As a database server that provides column-by-column compression of a database,
The database server,
One or more processors; And
A memory for storing instructions executable on the one or more processors;
Lt; / RTI >
The one or more processors
Determine a first number of rows to generate a compression unit for one or more columns located in a table of the database and determine a second number of rows to generate a compression unit as the number of rows underflow Based on at least in part the information relating to the number of rows;
A compression unit generation module for compressing the determined first number of rows to generate a first compression unit; And
A compression unit size comparison module comparing the size of the first compression unit with the size of the extent and determining that the size of the first compression unit is overflow when the size of the first compression unit exceeds the size of the extent;
/ RTI >
A database server that provides column-by-column compression of the database.

As a database server that provides column-by-column compression of a database,
The database server,
One or more processors; And
A memory for storing instructions executable on the one or more processors;
Lt; / RTI >
Determining a first number of rows to generate a compression unit for one or more columns located in a table of the database and determining a second number of rows to generate a compression unit from the number of rows overflowed A row number determination module that determines a second number based at least in part on information related to the row number;
A compression unit generation module for compressing the determined first number of rows to generate a first compression unit; And
Comparing the size of the first compression unit with the size of the extent and comparing the compression unit size judging as underflow when the size of the first compression unit is equal to or less than a predetermined ratio of the size of the extent module;
/ RTI >
A database server that provides column-by-column compression of the database.
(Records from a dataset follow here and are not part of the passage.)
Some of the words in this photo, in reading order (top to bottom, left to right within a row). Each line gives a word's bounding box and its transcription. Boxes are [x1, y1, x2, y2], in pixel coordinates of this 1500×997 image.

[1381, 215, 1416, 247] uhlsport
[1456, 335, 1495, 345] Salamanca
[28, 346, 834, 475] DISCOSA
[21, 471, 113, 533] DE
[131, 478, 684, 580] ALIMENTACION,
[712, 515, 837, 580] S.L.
23. A computer program stored in a computer readable medium, comprising a plurality of instructions executed by one or more processors,
The computer program comprising:
Instructions for determining a first number of rows to generate a compression unit for one or more columns located in a table of a database;
Compressing the determined first number of rows to produce a first compression unit;
A command for comparing the size of the first compression unit with the size of the extent;
An instruction to determine an overflow if the size of the first compression unit exceeds the size of the extent as a result of the comparison;
An instruction for determining whether or not there is information related to the number of rows underflow when it is determined that an overflow has occurred; And
Instructions for determining a second number of rows to generate a compression unit for one or more columns based on the comparison result;
/ RTI >
A computer program stored on a computer readable medium.
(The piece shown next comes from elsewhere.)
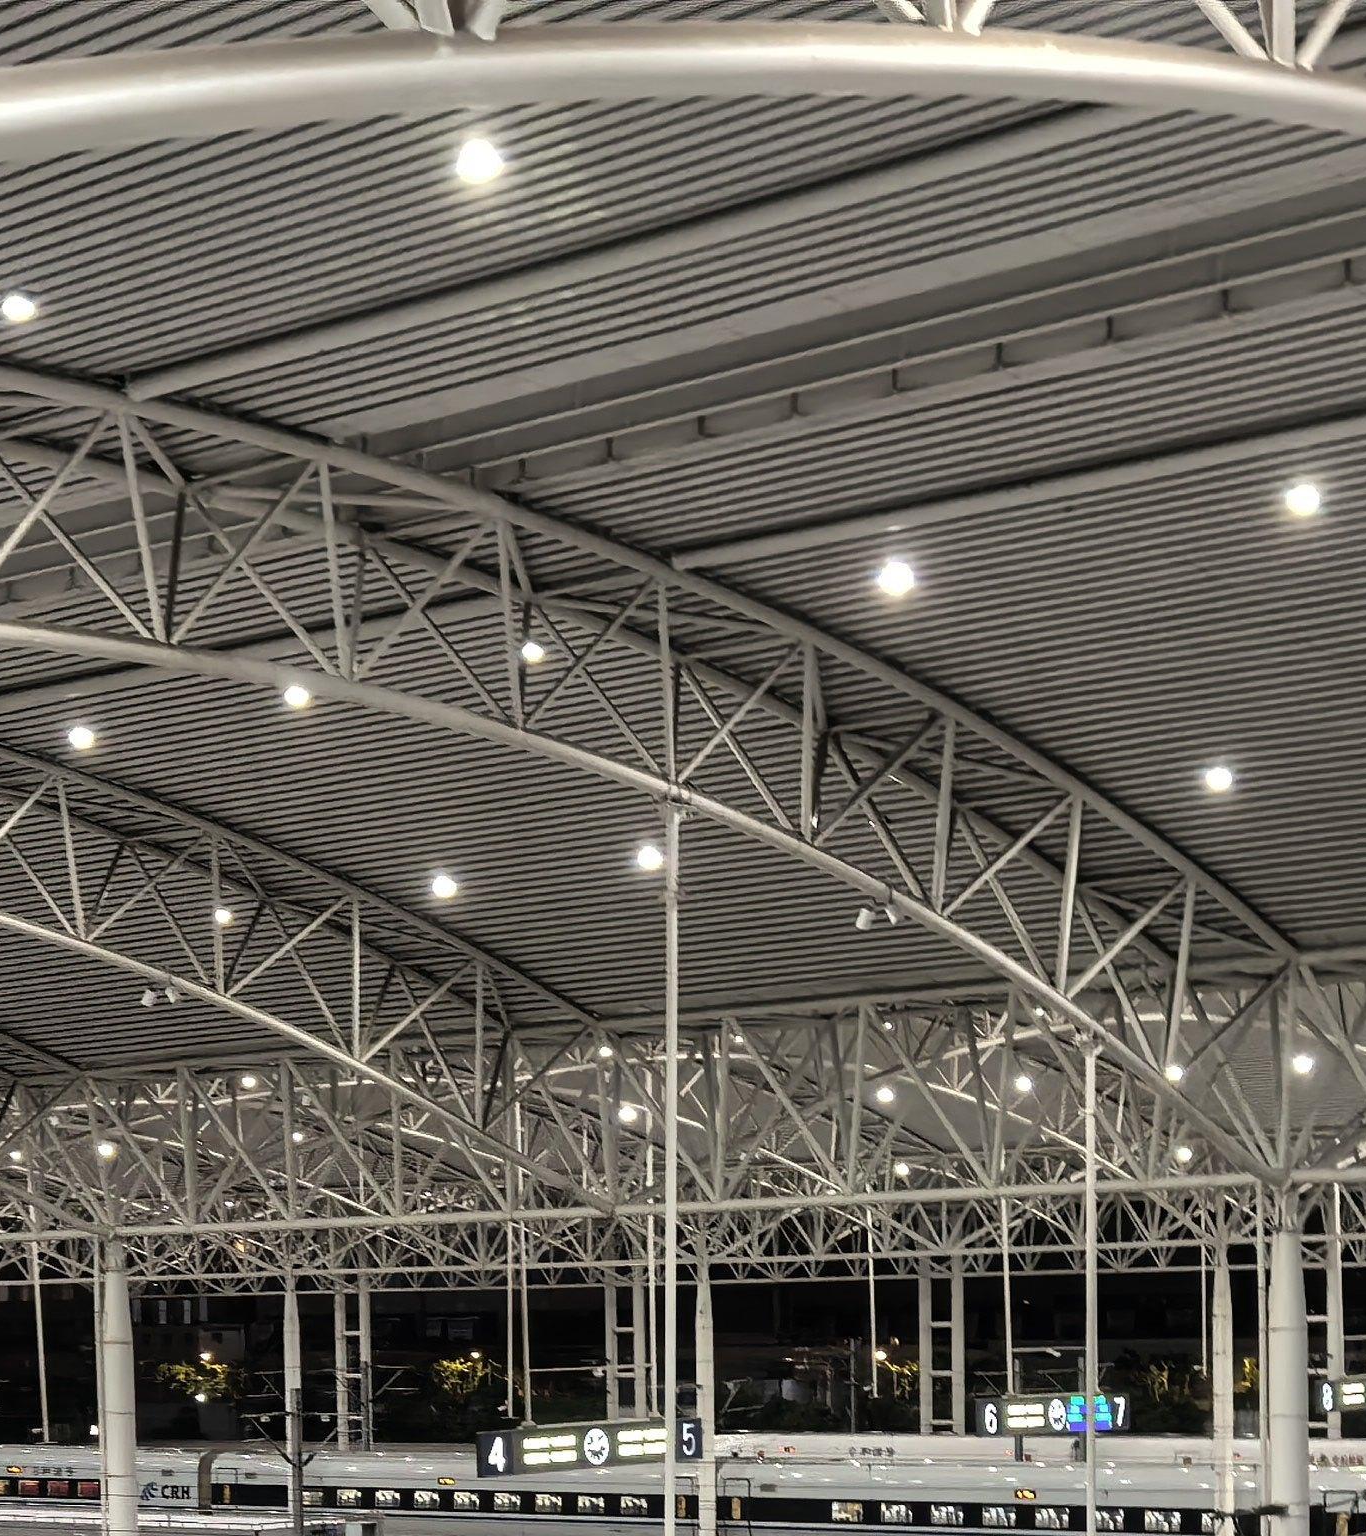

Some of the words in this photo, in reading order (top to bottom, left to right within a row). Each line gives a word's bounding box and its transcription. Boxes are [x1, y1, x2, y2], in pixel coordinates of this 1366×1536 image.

A computer program stored in a computer readable storage medium, the computer program comprising a plurality of instructions executed by one or more processors,
The computer program comprising:
Instructions for determining a first number of rows to generate a compression unit for one or more columns located in a table of a database;
Compressing the determined first number of rows to produce a first compression unit;
A command for comparing the size of the first compression unit with the size of the extent;
An instruction to determine an underflow if the size of the first compression unit is equal to or less than a predetermined ratio of the size of the extent;
An instruction for determining whether or not there is information related to the number of rows in which an overflow has occurred when it is determined that an underflow has occurred; And
Instructions for determining a second number of rows to generate a compression unit for one or more columns based on the comparison result;
/ RTI >
A computer program stored on a computer readable storage medium.